START Data extract

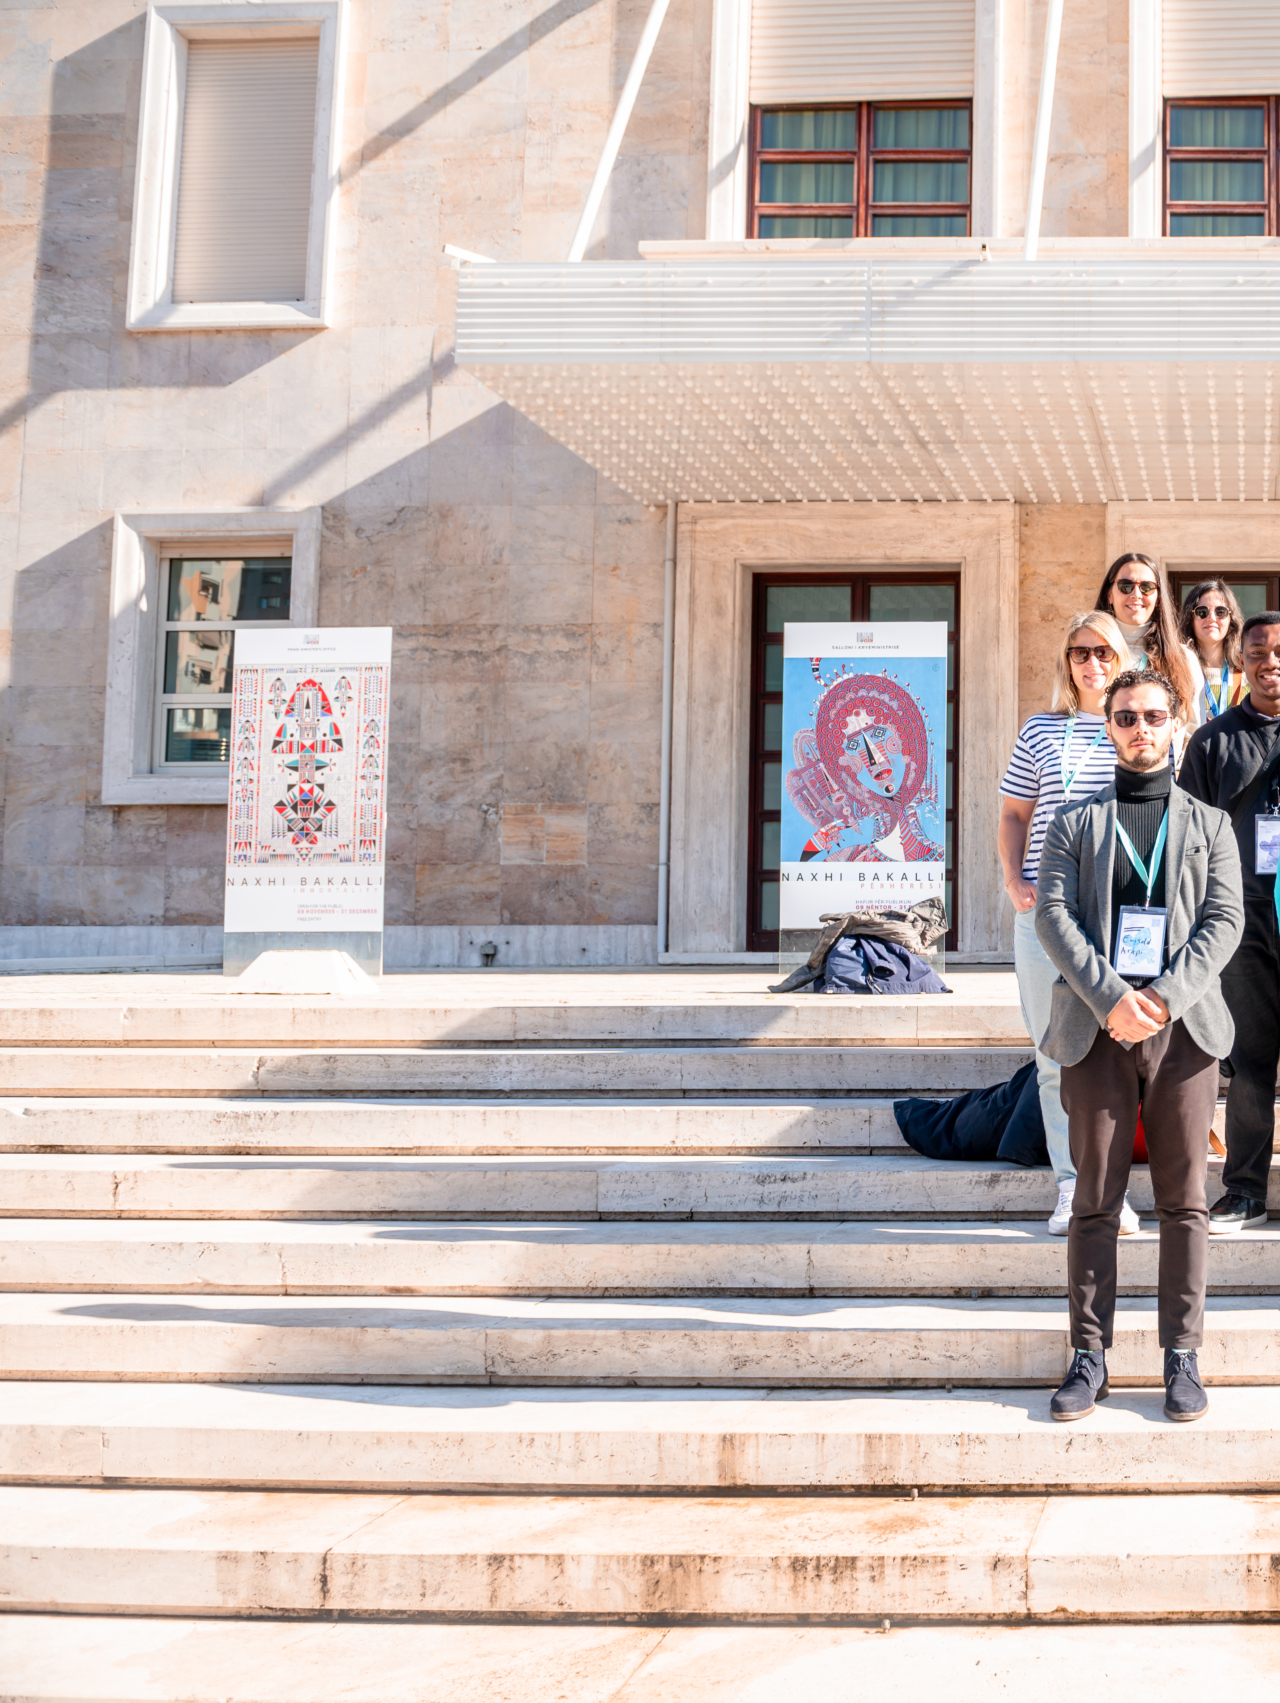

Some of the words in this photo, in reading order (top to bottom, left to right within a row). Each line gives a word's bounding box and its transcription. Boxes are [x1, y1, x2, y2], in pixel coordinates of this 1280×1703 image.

[227, 877, 285, 886] NAXHI
[300, 877, 382, 886] BAKALLI
[782, 873, 843, 881] NAXHI
[858, 873, 943, 881] BAKALLI
[1121, 947, 1143, 956] Arapi
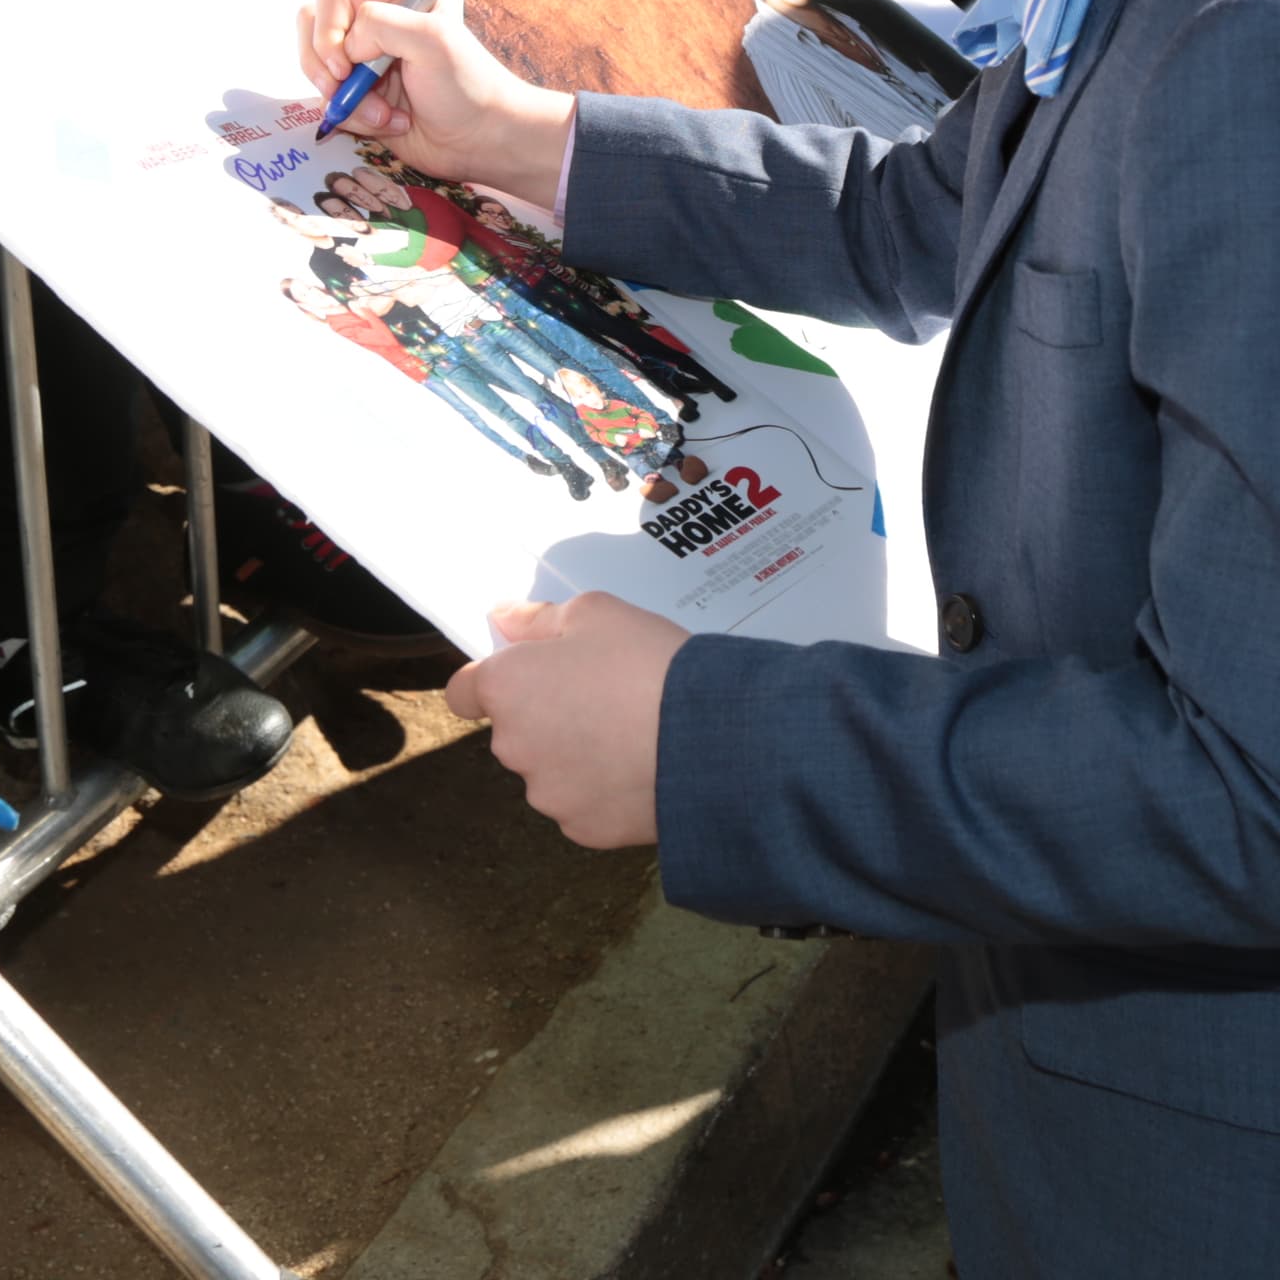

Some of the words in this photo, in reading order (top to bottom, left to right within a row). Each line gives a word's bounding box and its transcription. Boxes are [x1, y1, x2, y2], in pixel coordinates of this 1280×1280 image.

END Data extract

[Work to complete] Everything in the records above is to be copied exactly, except the pictures.

[Solution for this task]
Some of the words in this photo, in reading order (top to bottom, left to right within a row). Each line gives a word's bounding box and its transcription. Boxes are [x1, y1, x2, y2], in pixel coordinates of this 1280×1703 image.

[227, 877, 285, 886] NAXHI
[300, 877, 382, 886] BAKALLI
[782, 873, 843, 881] NAXHI
[858, 873, 943, 881] BAKALLI
[1121, 947, 1143, 956] Arapi

Some of the words in this photo, in reading order (top to bottom, left to right within a row). Each line gives a word's bounding box and its transcription. Boxes are [x1, y1, x2, y2], in pixel coordinates of this 1280×1280 image.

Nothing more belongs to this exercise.